Data >>
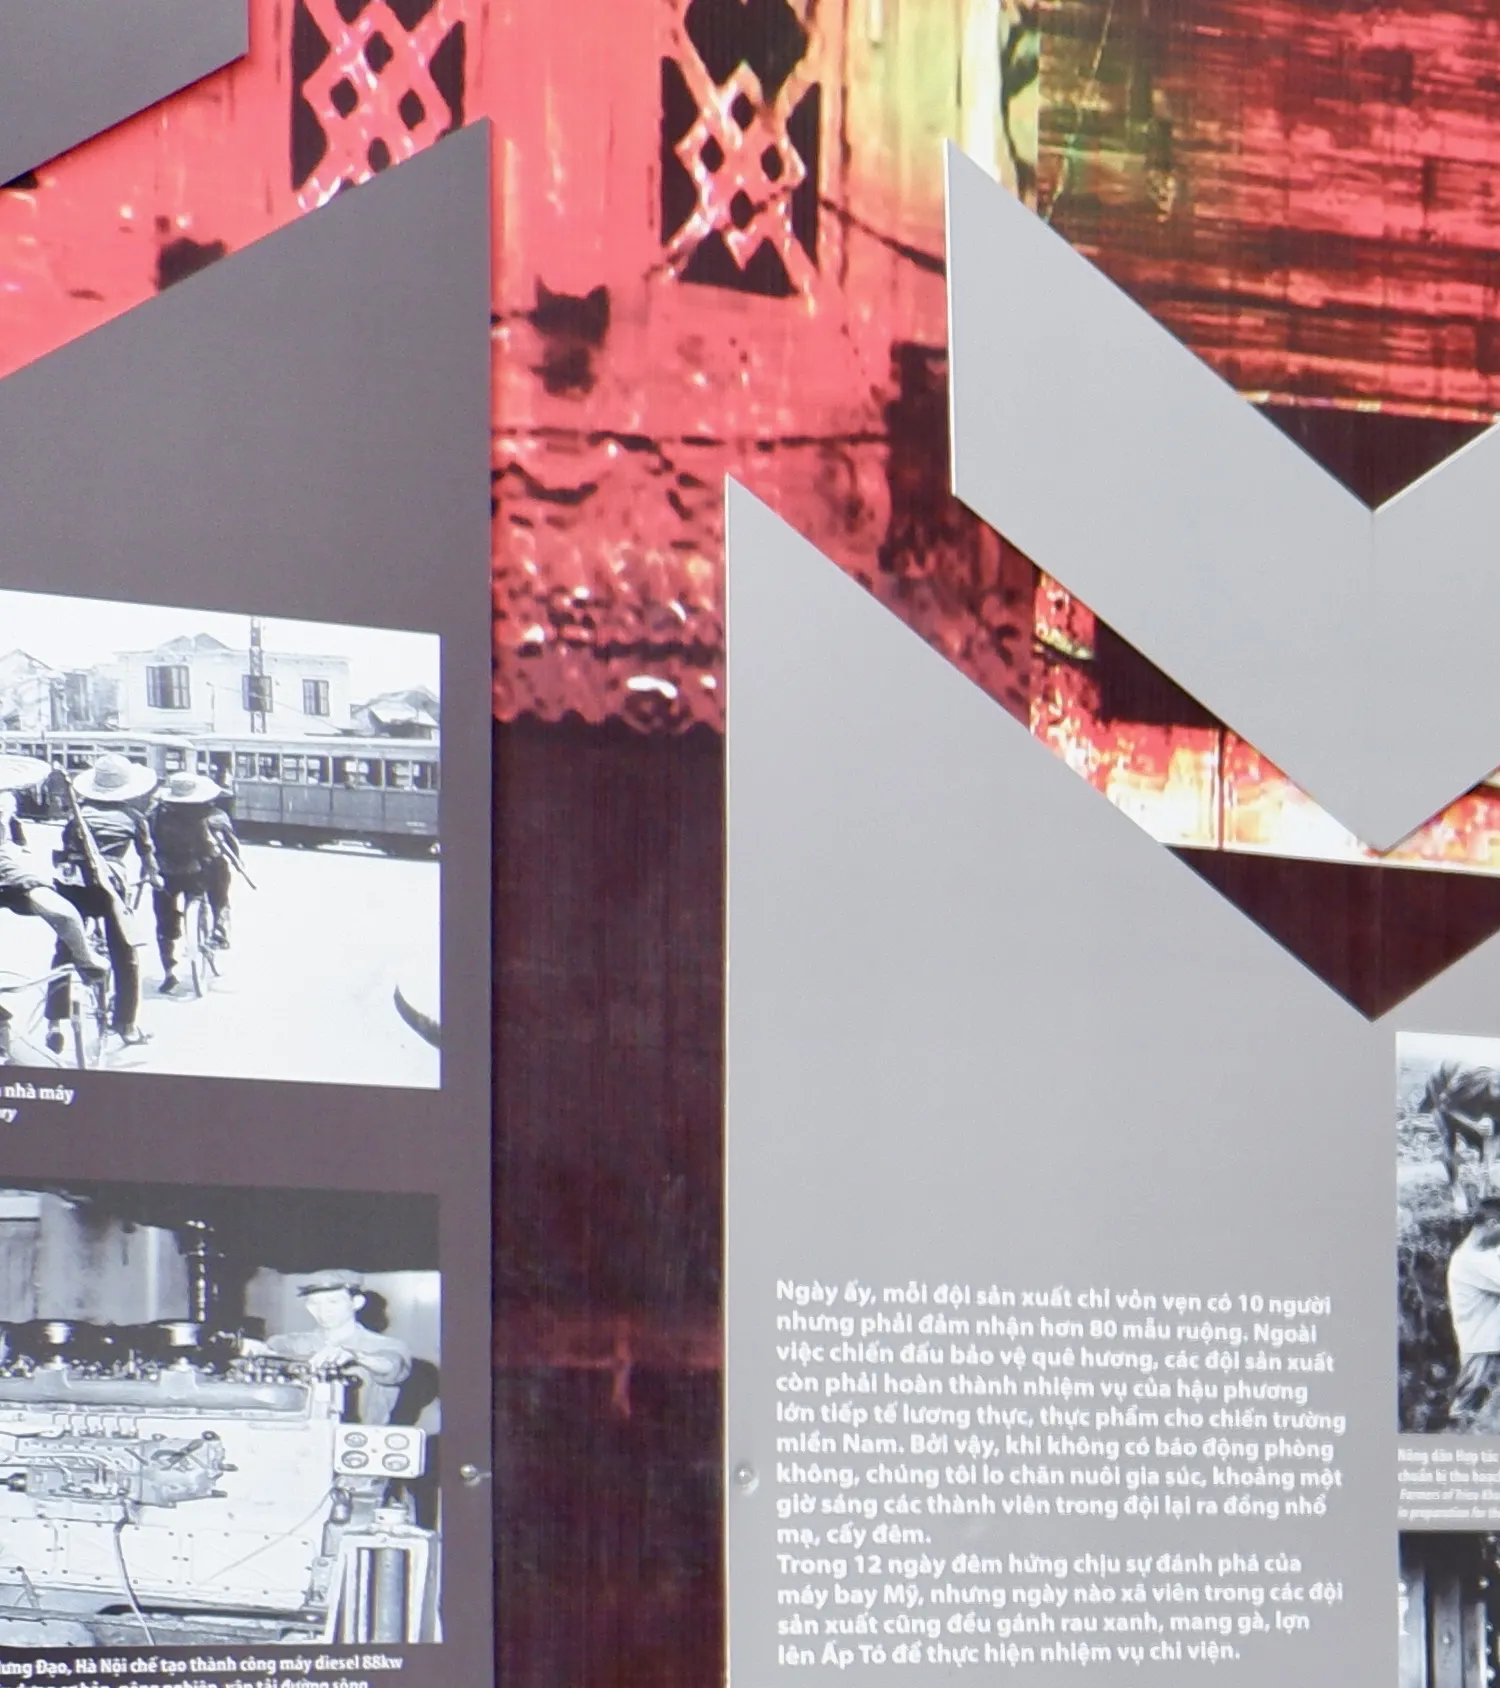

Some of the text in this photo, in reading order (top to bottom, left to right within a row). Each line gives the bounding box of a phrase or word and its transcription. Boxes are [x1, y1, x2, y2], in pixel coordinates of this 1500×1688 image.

[4, 1082, 75, 1105] nhà máy
[776, 1279, 1330, 1317] Ngày ấy, mỗi đội sản xuất chỉ vỏn vẹn có 10 người
[776, 1309, 1316, 1346] nhưng phải đảm nhận hơn 80 mẫu ruộng. Ngoài
[775, 1339, 1333, 1373] việc chiến đấu bảo vệ quê hương, các đội sản xuất
[0, 1661, 32, 1678] ưng
[314, 1654, 359, 1670] diesel
[361, 1653, 402, 1669] 88kw

Problem requirements >> Nothing but an exact copy of the data, without pictures, should be returned.

Result for this task >>
Some of the text in this photo, in reading order (top to bottom, left to right within a row). Each line gives the bounding box of a phrase or word and its transcription. Boxes are [x1, y1, x2, y2], in pixel coordinates of this 1500×1688 image.

[4, 1082, 75, 1105] nhà máy
[776, 1279, 1330, 1317] Ngày ấy, mỗi đội sản xuất chỉ vỏn vẹn có 10 người
[776, 1309, 1316, 1346] nhưng phải đảm nhận hơn 80 mẫu ruộng. Ngoài
[775, 1339, 1333, 1373] việc chiến đấu bảo vệ quê hương, các đội sản xuất
[0, 1661, 32, 1678] ưng
[314, 1654, 359, 1670] diesel
[361, 1653, 402, 1669] 88kw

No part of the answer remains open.